Start of Recorded data

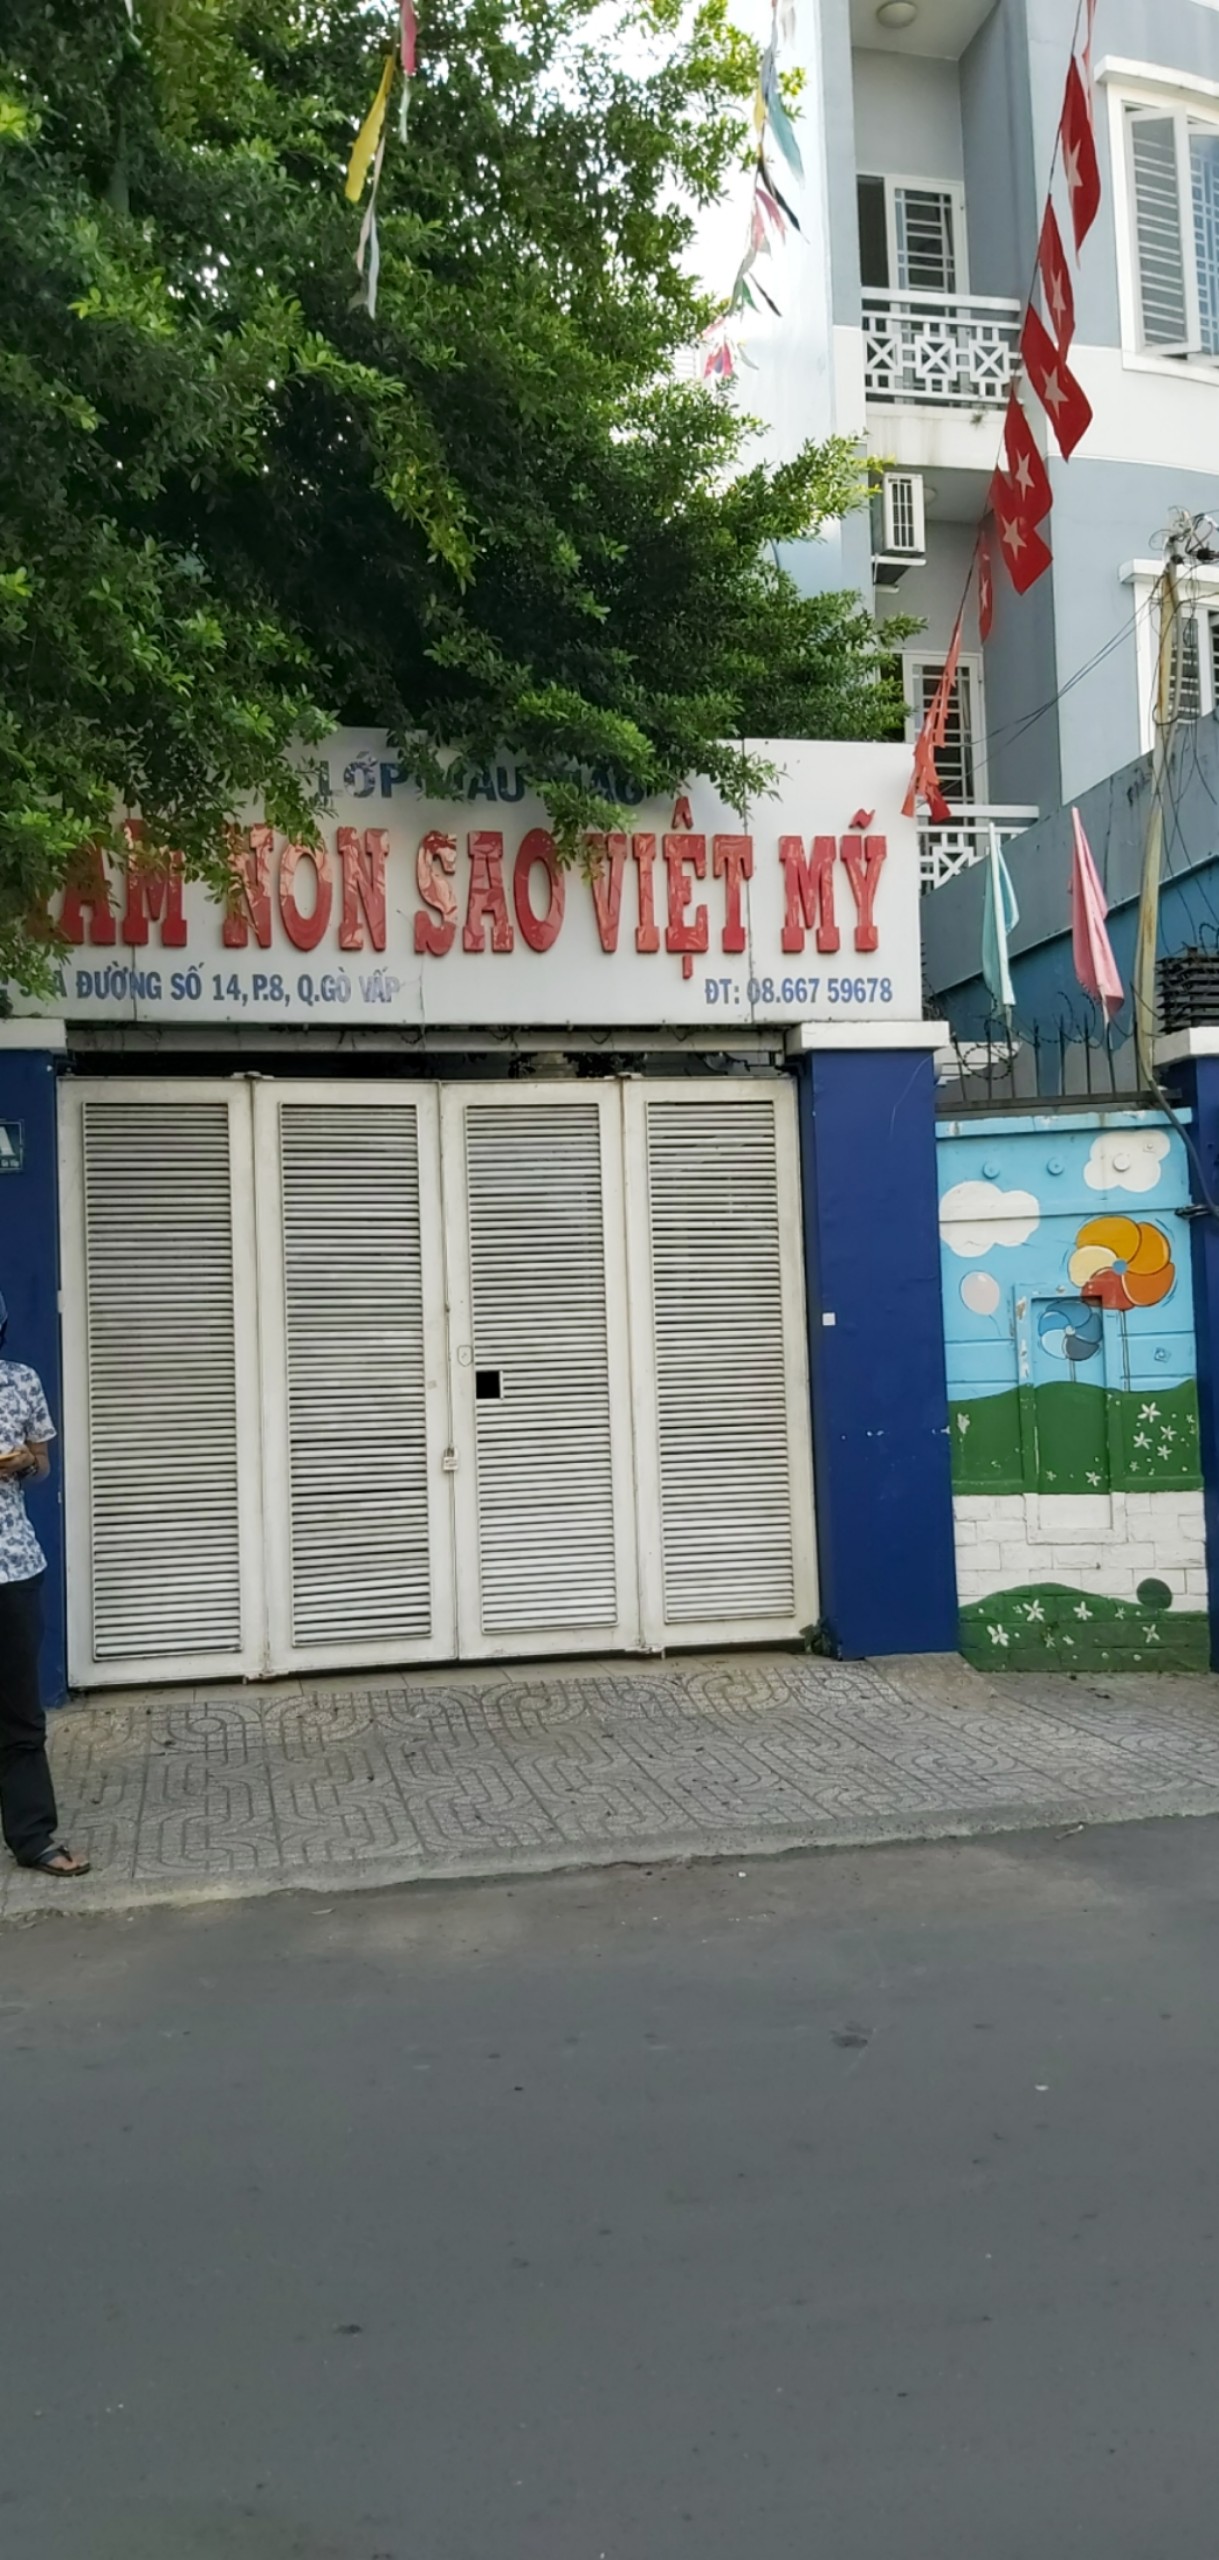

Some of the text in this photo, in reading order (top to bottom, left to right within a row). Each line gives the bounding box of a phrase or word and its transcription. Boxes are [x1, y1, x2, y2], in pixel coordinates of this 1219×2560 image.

[317, 751, 408, 798] LỚP
[223, 823, 390, 952] NON
[413, 828, 566, 957] SAO
[583, 796, 754, 979] VIỆT
[778, 808, 887, 953] MỸ
[76, 961, 162, 1001] ĐƯỜNG
[170, 962, 205, 1001] SỐ
[358, 966, 401, 1003] VẤP
[705, 977, 893, 1004] ĐT: 08.667 59678

End of Recorded data

**Problem description**.
Without changing a word, transcribe all of the data and omit its images.

**Answer to the problem**.
Some of the text in this photo, in reading order (top to bottom, left to right within a row). Each line gives the bounding box of a phrase or word and its transcription. Boxes are [x1, y1, x2, y2], in pixel coordinates of this 1219×2560 image.

[317, 751, 408, 798] LỚP
[223, 823, 390, 952] NON
[413, 828, 566, 957] SAO
[583, 796, 754, 979] VIỆT
[778, 808, 887, 953] MỸ
[76, 961, 162, 1001] ĐƯỜNG
[170, 962, 205, 1001] SỐ
[358, 966, 401, 1003] VẤP
[705, 977, 893, 1004] ĐT: 08.667 59678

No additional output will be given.